DATA RECORDS:
════════════════

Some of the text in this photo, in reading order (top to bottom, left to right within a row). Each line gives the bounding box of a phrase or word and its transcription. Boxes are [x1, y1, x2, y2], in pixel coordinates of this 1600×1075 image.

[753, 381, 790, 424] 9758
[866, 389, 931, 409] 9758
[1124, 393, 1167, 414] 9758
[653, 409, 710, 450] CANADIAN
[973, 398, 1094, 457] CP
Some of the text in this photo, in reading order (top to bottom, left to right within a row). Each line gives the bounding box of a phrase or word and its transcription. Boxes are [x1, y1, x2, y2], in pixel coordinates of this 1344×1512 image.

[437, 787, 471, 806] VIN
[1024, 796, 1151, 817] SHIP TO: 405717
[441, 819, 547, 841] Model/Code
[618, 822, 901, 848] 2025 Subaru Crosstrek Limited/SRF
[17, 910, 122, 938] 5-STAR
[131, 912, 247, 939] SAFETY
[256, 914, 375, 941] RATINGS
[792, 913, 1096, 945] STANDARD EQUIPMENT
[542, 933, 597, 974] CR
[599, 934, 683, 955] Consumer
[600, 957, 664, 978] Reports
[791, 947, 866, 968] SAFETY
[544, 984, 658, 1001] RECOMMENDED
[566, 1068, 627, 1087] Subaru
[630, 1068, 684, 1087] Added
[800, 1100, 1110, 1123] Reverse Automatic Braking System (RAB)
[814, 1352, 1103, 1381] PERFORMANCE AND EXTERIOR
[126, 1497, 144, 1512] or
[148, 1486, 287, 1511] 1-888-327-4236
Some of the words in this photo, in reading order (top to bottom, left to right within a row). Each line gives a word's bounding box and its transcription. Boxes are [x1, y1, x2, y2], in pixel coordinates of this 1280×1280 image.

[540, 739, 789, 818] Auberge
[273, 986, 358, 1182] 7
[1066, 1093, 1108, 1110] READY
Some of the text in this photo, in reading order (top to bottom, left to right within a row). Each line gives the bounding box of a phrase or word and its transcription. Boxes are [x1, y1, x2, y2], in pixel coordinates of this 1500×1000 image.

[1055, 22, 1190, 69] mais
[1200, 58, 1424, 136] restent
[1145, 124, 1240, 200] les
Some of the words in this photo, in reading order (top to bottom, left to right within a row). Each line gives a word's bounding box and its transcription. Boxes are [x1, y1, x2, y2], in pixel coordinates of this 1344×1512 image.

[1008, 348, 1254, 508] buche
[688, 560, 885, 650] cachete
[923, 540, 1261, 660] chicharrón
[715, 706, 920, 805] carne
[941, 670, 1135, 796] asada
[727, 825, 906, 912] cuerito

════════════════

TASK ITEM: Would you repeat all of the entries exactly?

WRITTEN RESPONSE:
Some of the text in this photo, in reading order (top to bottom, left to right within a row). Each line gives the bounding box of a phrase or word and its transcription. Boxes are [x1, y1, x2, y2], in pixel coordinates of this 1600×1075 image.

[753, 381, 790, 424] 9758
[866, 389, 931, 409] 9758
[1124, 393, 1167, 414] 9758
[653, 409, 710, 450] CANADIAN
[973, 398, 1094, 457] CP
Some of the text in this photo, in reading order (top to bottom, left to right within a row). Each line gives the bounding box of a phrase or word and its transcription. Boxes are [x1, y1, x2, y2], in pixel coordinates of this 1344×1512 image.

[437, 787, 471, 806] VIN
[1024, 796, 1151, 817] SHIP TO: 405717
[441, 819, 547, 841] Model/Code
[618, 822, 901, 848] 2025 Subaru Crosstrek Limited/SRF
[17, 910, 122, 938] 5-STAR
[131, 912, 247, 939] SAFETY
[256, 914, 375, 941] RATINGS
[792, 913, 1096, 945] STANDARD EQUIPMENT
[542, 933, 597, 974] CR
[599, 934, 683, 955] Consumer
[600, 957, 664, 978] Reports
[791, 947, 866, 968] SAFETY
[544, 984, 658, 1001] RECOMMENDED
[566, 1068, 627, 1087] Subaru
[630, 1068, 684, 1087] Added
[800, 1100, 1110, 1123] Reverse Automatic Braking System (RAB)
[814, 1352, 1103, 1381] PERFORMANCE AND EXTERIOR
[126, 1497, 144, 1512] or
[148, 1486, 287, 1511] 1-888-327-4236
Some of the words in this photo, in reading order (top to bottom, left to right within a row). Each line gives a word's bounding box and its transcription. Boxes are [x1, y1, x2, y2], in pixel coordinates of this 1280×1280 image.

[540, 739, 789, 818] Auberge
[273, 986, 358, 1182] 7
[1066, 1093, 1108, 1110] READY
Some of the text in this photo, in reading order (top to bottom, left to right within a row). Each line gives the bounding box of a phrase or word and its transcription. Boxes are [x1, y1, x2, y2], in pixel coordinates of this 1500×1000 image.

[1055, 22, 1190, 69] mais
[1200, 58, 1424, 136] restent
[1145, 124, 1240, 200] les
Some of the words in this photo, in reading order (top to bottom, left to right within a row). Each line gives a word's bounding box and its transcription. Boxes are [x1, y1, x2, y2], in pixel coordinates of this 1344×1512 image.

[1008, 348, 1254, 508] buche
[688, 560, 885, 650] cachete
[923, 540, 1261, 660] chicharrón
[715, 706, 920, 805] carne
[941, 670, 1135, 796] asada
[727, 825, 906, 912] cuerito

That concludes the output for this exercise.